▶ _What you are asked to do_
Reproduce each of the entries that follow, exactly.
────
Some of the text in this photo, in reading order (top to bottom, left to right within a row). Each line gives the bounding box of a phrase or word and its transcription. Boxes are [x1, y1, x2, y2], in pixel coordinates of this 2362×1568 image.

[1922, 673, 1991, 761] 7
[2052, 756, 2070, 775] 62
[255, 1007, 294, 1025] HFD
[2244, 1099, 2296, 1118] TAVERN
────
▶ _Result_
Some of the text in this photo, in reading order (top to bottom, left to right within a row). Each line gives the bounding box of a phrase or word and its transcription. Boxes are [x1, y1, x2, y2], in pixel coordinates of this 2362×1568 image.

[1922, 673, 1991, 761] 7
[2052, 756, 2070, 775] 62
[255, 1007, 294, 1025] HFD
[2244, 1099, 2296, 1118] TAVERN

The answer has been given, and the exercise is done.